Vadim Menkov

Personal information
- Born: 12 February 1987 (age 39) Toytepa, Tashkent Region, Uzbekistan
- Height: 184 cm (6 ft 0 in)
- Weight: 87 kg (192 lb)

Medal record
Men's canoe sprint
Representing Uzbekistan
World Championships
| Gold medal – first place | 2009 Dartmouth | C-1 1000 m |
| Gold medal – first place | 2010 Poznań | C-1 1000 m |
| Silver medal – second place | 2013 Duisburg | C-1 500 m |
| Bronze medal – third place | 2010 Poznań | C-1 500 m |
| Bronze medal – third place | 2011 Szeged | C-1 1000 m |
Asian Games
| Gold medal – first place | 2014 Incheon | C-1 1000 m |
Asian Championships
| Gold medal – first place | 2005 Putrajaya | C-1 1000 m |
| Gold medal – first place | 2005 Putrajaya | C-4 1000 m |
| Gold medal – first place | 2007 Hwacheon | C-1 500 m |
| Gold medal – first place | 2007 Hwacheon | C-1 1000 m |
| Gold medal – first place | 2011 Tehran | C-2 500 m |
| Gold medal – first place | 2013 Samarkand | C-1 500 m |
| Gold medal – first place | 2013 Samarkand | C-1 1000 m |
| Gold medal – first place | 2015 Palembang | C-2 1000 m |
| Gold medal – first place | 2017 Shanghai | C-1 1000 m |
| Silver medal – second place | 2005 Putrajaya | C-1 500 m |
| Silver medal – second place | 2005 Putrajaya | C-4 500 m |
| Silver medal – second place | 2017 Shanghai | C-4 200 m |
| Silver medal – second place | 2017 Shanghai | C-4 500 m |
| Bronze medal – third place | 2011 Tehran | C-2 1000 m |
| Bronze medal – third place | 2017 Shanghai | C-4 1000 m |

= Vadim Menkov =

Uzbekistani sprint canoeist

Vadim Menkov (born 12 February 1987) is an Uzbek male sprint canoeist who has competed since the late 2000s. He has won six medals at the ICF Canoe Sprint World Championships with two golds (C-1 1000 m: 2009, 2010), a silver (C-1 500 m: 2013) and two bronze (C-1 500 m: 2010, C-1 1000 m: 2011). Most recently, Menkov won the gold medal in the sprint( C1-1000m) event in canoeing at the 2010 Asian Games in Guangzhou, China.
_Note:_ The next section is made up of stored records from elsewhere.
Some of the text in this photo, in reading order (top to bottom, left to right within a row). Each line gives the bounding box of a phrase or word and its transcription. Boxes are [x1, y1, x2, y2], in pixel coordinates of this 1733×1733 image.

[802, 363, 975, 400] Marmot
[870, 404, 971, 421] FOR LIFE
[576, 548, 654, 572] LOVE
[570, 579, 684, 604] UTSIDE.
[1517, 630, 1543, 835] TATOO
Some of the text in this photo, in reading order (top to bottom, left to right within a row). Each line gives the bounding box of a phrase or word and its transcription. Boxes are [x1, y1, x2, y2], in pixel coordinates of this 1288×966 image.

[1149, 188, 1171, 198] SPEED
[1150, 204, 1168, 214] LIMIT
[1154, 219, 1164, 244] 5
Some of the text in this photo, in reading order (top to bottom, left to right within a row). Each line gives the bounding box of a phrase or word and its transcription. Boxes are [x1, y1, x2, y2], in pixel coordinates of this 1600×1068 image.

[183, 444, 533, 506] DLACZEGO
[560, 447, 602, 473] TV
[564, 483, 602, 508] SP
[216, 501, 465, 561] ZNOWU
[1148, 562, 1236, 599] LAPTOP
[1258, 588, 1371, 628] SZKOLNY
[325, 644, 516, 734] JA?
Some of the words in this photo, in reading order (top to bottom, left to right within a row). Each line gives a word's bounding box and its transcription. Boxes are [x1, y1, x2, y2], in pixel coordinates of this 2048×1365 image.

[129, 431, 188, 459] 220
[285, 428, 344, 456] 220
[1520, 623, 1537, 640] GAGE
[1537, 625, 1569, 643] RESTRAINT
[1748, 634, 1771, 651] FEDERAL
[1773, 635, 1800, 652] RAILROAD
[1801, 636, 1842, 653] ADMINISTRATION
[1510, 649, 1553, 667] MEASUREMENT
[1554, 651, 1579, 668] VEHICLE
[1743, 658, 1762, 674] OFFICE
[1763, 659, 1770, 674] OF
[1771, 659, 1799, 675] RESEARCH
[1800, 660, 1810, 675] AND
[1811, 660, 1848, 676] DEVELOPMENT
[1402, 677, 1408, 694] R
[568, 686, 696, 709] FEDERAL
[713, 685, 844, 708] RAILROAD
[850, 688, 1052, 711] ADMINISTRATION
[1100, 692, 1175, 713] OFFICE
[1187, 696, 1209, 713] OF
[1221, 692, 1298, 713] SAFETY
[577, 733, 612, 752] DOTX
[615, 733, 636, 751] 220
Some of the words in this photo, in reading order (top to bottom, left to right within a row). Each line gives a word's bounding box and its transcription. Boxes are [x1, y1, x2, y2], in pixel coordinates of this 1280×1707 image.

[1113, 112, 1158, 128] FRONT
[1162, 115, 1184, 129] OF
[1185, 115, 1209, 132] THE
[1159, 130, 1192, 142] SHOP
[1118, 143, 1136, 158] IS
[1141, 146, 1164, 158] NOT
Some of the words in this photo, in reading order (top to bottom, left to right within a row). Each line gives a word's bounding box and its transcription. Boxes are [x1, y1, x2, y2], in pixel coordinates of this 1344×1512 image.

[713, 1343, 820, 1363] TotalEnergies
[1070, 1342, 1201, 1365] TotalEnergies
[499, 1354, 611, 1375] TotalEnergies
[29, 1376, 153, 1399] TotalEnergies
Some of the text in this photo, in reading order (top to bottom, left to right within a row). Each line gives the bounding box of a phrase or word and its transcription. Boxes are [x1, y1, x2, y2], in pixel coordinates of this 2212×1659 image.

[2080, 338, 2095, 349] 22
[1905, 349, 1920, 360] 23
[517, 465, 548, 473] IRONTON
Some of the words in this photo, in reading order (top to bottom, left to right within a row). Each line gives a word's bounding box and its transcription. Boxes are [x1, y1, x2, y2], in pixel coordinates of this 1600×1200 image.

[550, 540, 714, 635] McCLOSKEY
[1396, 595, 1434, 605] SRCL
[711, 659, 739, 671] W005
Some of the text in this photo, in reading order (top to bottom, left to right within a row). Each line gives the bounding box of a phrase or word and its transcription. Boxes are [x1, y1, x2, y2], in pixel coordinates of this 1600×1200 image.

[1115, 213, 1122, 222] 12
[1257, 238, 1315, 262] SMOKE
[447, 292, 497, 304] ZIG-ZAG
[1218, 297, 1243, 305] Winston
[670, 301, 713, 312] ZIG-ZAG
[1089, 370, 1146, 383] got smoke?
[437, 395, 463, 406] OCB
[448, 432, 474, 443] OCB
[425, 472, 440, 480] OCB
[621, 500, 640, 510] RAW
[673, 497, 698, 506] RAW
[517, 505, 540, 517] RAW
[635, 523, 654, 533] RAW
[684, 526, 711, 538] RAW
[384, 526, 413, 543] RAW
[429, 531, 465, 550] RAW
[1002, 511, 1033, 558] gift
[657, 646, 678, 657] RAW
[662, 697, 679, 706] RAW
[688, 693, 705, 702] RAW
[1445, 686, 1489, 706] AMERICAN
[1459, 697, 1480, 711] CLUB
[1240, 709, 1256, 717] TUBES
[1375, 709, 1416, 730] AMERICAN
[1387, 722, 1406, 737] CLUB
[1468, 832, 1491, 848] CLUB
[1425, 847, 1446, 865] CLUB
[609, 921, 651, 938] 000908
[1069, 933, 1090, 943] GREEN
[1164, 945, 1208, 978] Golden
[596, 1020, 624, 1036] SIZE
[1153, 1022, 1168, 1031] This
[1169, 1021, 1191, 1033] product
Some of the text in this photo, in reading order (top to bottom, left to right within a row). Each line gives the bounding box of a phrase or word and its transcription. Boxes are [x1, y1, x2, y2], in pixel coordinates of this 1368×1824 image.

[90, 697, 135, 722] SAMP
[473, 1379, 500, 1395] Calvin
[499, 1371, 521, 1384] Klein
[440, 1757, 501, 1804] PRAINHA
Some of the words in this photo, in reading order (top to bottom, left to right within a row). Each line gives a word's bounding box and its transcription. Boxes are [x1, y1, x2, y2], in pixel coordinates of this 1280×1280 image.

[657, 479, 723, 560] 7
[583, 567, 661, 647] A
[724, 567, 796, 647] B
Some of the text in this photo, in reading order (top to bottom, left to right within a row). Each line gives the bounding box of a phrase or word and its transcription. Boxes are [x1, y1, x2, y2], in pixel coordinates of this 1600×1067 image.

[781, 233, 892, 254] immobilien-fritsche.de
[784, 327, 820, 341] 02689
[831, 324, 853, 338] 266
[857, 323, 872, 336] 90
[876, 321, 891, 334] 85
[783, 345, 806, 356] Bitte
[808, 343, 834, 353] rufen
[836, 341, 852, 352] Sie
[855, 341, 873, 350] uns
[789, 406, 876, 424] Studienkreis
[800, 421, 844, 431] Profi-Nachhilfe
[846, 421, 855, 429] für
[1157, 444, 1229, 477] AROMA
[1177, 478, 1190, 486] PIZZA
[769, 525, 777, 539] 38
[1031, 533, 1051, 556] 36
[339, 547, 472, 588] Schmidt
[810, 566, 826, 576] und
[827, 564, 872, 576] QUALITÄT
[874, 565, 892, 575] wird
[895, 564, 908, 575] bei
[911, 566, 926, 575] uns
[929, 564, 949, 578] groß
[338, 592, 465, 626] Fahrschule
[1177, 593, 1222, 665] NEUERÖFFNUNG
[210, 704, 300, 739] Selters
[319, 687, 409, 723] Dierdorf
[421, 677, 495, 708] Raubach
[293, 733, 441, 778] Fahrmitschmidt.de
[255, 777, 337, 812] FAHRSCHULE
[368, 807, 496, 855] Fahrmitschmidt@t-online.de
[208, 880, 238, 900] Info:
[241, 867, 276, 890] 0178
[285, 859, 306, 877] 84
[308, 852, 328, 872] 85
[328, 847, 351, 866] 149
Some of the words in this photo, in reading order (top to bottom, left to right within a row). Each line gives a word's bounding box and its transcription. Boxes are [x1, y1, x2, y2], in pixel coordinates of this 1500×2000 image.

Menkov also competed at the 2008 Summer Olympics in Beijing, finishing fourth in the C-1 1000 m event while being eliminated in the semi-finals of the C-1 500m. At the 2012 Summer Olympics he competed in the C-1 200 m, finishing 10th, and the C-1 1000 m, finishing 4th again.

== Biography ==
Menkov was born in Toytepa, Tashkent Region, Uzbekistan. In 2004 he entered to the "Olympic reserver" high-school in Chirchiq. After graduation, he was able to enter the "Uzbek State Institute of Physical Culture" in 2007.

== Career ==
Menkov began his career in 2003 under coach Aleksandr Panomaryov.

In 2006 in Doha, he won his first International tournament. That same year he won the Asian Championship in canoeing, and went on to take the second place in the Canoe World Championship, which was held in Poland.

He competed in the 2008 Summer Olympics in Beijing, where he achieved the 4th place in the C-1 1000 meter event.

In 2009, Menkov won a number of International tournaments which were held in Poland, Czech Republic and Hungary. Due to his results, he was recognized as the 2009 Canoe Athlete of the Year by the International Canoe Federation.

In 2012 he represented Uzbekistan at the 2012 Summer Olympics in London. He finished 4th with a time of 3:49.255.

At the 2014 Asian Games, he won the gold medal in the men's C-1 1000 m event.

Menkov is one of the most recognized sportsmen in Uzbekistan, holding the title of "Honoured Master of Sport in Uzbekistan" since 2014.